I will also state here that while their Answer is quite combative, during the many court proceedings that I
was able to meet with the attorneys for Laus Marketing they were particularly accommodating and
always willing to get this settled. They even offered a significant amount of money to settle this
case even though they were right in claiming that they were not liable here (the amount was less
than my actual costs, but I was willing to accept it at the time). However, Motor Image was
always quick to shoot down any potential settlement.
So, for the record, I am personally of the opinion that Laus Marketing is a quality company. Although I did
have issues with one of their employees when I first brought my car in for service, I have no
idea if it was due to procedures given by Motor Image, training by Laus, or just a bad employee.
Manifestation by Subaru 1/9/2014
A manifestation regarding the status of Laus Marketing. The Manifestation primarily relates to Laus
Marketing, although it was filed by the attorney for Motor Image.
The motion by Subaru for a preliminary hearing was denied 2/25/2014
The motion by Subaru for a preliminary hearing was denied. The reason given by the judge was ”The
motion lacks merit”. The judge goes on to say that the issues should be resolved in the main (trial).
Of course, Subaru knows this but just wanted to waste time and increase my legal costs with this
motion. And there will be many, many more motions that Subaru will file and EVERY SINGLE ONE OF
THEM will also be denied.
Motion for reconsideration of the denial of their request for a preliminary hearing 3/25/2014
Here, Subaru files a Motion for Reconsideration regarding the denial of their Motion for Preliminary
Hearing. Basically, Subaru has asked the court to reconsider their ruling (or in other words, “you were
wrong, judge, please issue a reversal”).
Motions for reconsideration are very rarely approved, for obvious reasons. They are used (abused)
by Subaru to delay and increase the costs of this lawsuit.
Attorney for plaintiff files opposition for motion for reconsideration 4/22/2014
legalese here, and self-explanatory (if you are a lawyer).
Reply to Opposition to Motion for Reconsideration by Subaru 5/20/2014
When a motion is filed it sets off an expensive and time consuming chain of events. Here we can
see another link in that chain. Each link becomes more technical so at this point these filings are mostly
obscure legal jargon.
Denial of motion for reconsideration 8/29/2014
On November 25, 2013, Subaru filed a motion for a preliminary hearing and then filed a
motion for reconsideration after the motion was denied. On August 29, 2014 that motion was
denied. Nine expensive months of wasted time due to a frivolous motion filed by Subaru.

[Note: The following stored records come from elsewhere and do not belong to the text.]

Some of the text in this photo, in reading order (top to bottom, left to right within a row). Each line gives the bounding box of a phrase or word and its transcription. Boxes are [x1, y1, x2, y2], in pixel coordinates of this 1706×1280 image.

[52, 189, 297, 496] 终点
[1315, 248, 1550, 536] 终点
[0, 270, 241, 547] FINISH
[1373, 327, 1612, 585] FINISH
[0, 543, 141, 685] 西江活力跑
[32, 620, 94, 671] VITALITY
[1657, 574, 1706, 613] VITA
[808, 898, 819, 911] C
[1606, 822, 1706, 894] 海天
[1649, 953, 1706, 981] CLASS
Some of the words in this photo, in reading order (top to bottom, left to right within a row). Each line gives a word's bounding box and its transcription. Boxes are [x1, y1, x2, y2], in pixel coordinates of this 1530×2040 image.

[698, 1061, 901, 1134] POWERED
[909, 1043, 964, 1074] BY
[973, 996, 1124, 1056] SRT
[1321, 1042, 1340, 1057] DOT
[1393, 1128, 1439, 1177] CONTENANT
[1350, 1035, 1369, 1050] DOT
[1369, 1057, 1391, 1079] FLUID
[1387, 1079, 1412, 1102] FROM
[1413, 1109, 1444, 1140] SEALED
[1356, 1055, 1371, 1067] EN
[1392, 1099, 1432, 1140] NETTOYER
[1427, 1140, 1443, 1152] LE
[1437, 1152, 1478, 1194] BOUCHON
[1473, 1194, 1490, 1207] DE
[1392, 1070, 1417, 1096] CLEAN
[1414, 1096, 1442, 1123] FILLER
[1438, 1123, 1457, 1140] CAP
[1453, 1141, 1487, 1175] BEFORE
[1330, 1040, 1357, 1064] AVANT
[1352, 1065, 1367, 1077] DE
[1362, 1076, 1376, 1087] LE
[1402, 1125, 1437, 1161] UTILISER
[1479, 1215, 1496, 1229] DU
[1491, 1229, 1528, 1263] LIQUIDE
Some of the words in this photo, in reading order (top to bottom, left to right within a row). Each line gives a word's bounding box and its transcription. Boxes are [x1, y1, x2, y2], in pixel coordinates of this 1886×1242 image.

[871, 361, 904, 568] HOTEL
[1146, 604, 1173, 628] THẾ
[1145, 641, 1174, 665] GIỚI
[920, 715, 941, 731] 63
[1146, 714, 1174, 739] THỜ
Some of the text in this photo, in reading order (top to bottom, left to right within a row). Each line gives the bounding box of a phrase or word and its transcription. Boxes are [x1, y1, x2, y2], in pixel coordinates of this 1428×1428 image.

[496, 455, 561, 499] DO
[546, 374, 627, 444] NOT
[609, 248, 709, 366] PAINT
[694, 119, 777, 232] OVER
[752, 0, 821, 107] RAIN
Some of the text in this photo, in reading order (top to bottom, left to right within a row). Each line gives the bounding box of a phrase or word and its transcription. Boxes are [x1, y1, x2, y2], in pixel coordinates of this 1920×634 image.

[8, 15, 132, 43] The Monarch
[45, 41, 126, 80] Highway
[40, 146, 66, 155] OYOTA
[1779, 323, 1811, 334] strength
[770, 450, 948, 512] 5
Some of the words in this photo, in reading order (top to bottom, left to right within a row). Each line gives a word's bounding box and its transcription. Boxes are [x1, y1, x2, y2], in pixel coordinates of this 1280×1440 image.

Their tactic of trying to motion this lawsuit to death is off to a very successful start.
Plaintiff files ex-parte motion to set case for pre-trial 9/10/2014
It is 18 months after having filed this lawsuit and we have not even started pre-trial due to the
delay tactics orchestrated by Subaru. Here we file a motion to start pre-trial, and that motion
is approved by the judge.
Subaru files a Petition for Certiorari and Prohibition under rule 65 9/22/2014
Here we have an unusual petition, especially when used at the pre-trial stage. It is a Petition for
Certiorari and Prohibition under Rule 65. Basically, Subaru is saying that the judge is committing a grave
abuse of discretion by not approving their baseless motions. It is something you would typically see in a
case during or after trial, that involves a large amount of money, and where the judge has acted in such
an abhorrent way that you are almost sure to win the petition. Or to put it another way, if you are going
to insult the judge you would need to have a very strong case, with a lot at stake, and the case is near
the end. Here we have a case over a small amount of money, a baseless petition, and the case is at the
early stages. Why then would such a petition be filed? Obviously for no other reason than to delay the
case, and increase costs, and scare away other potential lawsuits. This is a nasty tactic that we have
seen before, and will continue to see as this case moves along. Yes, you will keep seeing me say the
same thing over and over every time Subaru files a motion, but I want to make sure that by the end of
my analysis of these documents, there can be no dispute as to the motives of Subaru. And in one of
their letters, they claimed that I was the one without honour!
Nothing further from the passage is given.